→ **WHAT IS BEING ASKED**
Can you print every record below exactly as written?

###

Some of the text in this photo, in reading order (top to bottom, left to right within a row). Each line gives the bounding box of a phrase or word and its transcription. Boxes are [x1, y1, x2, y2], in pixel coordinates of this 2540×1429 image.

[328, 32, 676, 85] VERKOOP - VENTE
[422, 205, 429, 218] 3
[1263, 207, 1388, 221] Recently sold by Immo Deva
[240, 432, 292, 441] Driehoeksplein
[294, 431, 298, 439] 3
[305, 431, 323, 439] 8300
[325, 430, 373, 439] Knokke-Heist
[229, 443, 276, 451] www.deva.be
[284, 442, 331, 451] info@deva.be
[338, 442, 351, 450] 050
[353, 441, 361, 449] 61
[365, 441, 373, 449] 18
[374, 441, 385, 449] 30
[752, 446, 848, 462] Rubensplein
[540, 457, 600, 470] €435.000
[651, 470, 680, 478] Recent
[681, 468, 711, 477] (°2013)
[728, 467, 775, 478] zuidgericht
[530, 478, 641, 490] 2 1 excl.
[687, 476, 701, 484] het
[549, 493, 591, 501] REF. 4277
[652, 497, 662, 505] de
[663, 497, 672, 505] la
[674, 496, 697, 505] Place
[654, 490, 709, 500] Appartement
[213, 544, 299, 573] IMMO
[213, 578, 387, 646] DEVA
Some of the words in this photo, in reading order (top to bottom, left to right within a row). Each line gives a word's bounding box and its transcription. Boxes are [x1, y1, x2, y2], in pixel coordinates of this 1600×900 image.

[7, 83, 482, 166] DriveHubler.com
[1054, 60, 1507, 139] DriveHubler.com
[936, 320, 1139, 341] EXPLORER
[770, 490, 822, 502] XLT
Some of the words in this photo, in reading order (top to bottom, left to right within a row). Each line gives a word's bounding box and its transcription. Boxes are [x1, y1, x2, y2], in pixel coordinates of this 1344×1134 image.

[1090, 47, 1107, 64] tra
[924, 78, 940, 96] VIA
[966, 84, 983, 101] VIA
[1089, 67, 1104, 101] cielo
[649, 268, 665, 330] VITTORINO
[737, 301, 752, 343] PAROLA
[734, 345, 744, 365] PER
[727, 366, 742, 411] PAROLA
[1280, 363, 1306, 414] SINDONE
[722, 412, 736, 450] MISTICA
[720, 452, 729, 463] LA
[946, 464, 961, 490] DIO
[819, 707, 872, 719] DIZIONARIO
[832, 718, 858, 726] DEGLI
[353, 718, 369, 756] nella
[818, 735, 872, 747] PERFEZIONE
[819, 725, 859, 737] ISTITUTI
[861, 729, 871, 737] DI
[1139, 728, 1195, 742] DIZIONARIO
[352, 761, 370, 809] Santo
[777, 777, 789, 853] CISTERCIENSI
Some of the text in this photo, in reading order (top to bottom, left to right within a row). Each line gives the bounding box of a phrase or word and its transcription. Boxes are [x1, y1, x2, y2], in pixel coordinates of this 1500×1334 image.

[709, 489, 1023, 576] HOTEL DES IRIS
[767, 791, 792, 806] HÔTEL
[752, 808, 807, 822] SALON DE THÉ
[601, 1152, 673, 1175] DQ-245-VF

###

→ **EXERCISE ANSWER**
Some of the text in this photo, in reading order (top to bottom, left to right within a row). Each line gives the bounding box of a phrase or word and its transcription. Boxes are [x1, y1, x2, y2], in pixel coordinates of this 2540×1429 image.

[328, 32, 676, 85] VERKOOP - VENTE
[422, 205, 429, 218] 3
[1263, 207, 1388, 221] Recently sold by Immo Deva
[240, 432, 292, 441] Driehoeksplein
[294, 431, 298, 439] 3
[305, 431, 323, 439] 8300
[325, 430, 373, 439] Knokke-Heist
[229, 443, 276, 451] www.deva.be
[284, 442, 331, 451] info@deva.be
[338, 442, 351, 450] 050
[353, 441, 361, 449] 61
[365, 441, 373, 449] 18
[374, 441, 385, 449] 30
[752, 446, 848, 462] Rubensplein
[540, 457, 600, 470] €435.000
[651, 470, 680, 478] Recent
[681, 468, 711, 477] (°2013)
[728, 467, 775, 478] zuidgericht
[530, 478, 641, 490] 2 1 excl.
[687, 476, 701, 484] het
[549, 493, 591, 501] REF. 4277
[652, 497, 662, 505] de
[663, 497, 672, 505] la
[674, 496, 697, 505] Place
[654, 490, 709, 500] Appartement
[213, 544, 299, 573] IMMO
[213, 578, 387, 646] DEVA
Some of the words in this photo, in reading order (top to bottom, left to right within a row). Each line gives a word's bounding box and its transcription. Boxes are [x1, y1, x2, y2], in pixel coordinates of this 1600×900 image.

[7, 83, 482, 166] DriveHubler.com
[1054, 60, 1507, 139] DriveHubler.com
[936, 320, 1139, 341] EXPLORER
[770, 490, 822, 502] XLT
Some of the words in this photo, in reading order (top to bottom, left to right within a row). Each line gives a word's bounding box and its transcription. Boxes are [x1, y1, x2, y2], in pixel coordinates of this 1344×1134 image.

[1090, 47, 1107, 64] tra
[924, 78, 940, 96] VIA
[966, 84, 983, 101] VIA
[1089, 67, 1104, 101] cielo
[649, 268, 665, 330] VITTORINO
[737, 301, 752, 343] PAROLA
[734, 345, 744, 365] PER
[727, 366, 742, 411] PAROLA
[1280, 363, 1306, 414] SINDONE
[722, 412, 736, 450] MISTICA
[720, 452, 729, 463] LA
[946, 464, 961, 490] DIO
[819, 707, 872, 719] DIZIONARIO
[832, 718, 858, 726] DEGLI
[353, 718, 369, 756] nella
[818, 735, 872, 747] PERFEZIONE
[819, 725, 859, 737] ISTITUTI
[861, 729, 871, 737] DI
[1139, 728, 1195, 742] DIZIONARIO
[352, 761, 370, 809] Santo
[777, 777, 789, 853] CISTERCIENSI
Some of the text in this photo, in reading order (top to bottom, left to right within a row). Each line gives the bounding box of a phrase or word and its transcription. Boxes are [x1, y1, x2, y2], in pixel coordinates of this 1500×1334 image.

[709, 489, 1023, 576] HOTEL DES IRIS
[767, 791, 792, 806] HÔTEL
[752, 808, 807, 822] SALON DE THÉ
[601, 1152, 673, 1175] DQ-245-VF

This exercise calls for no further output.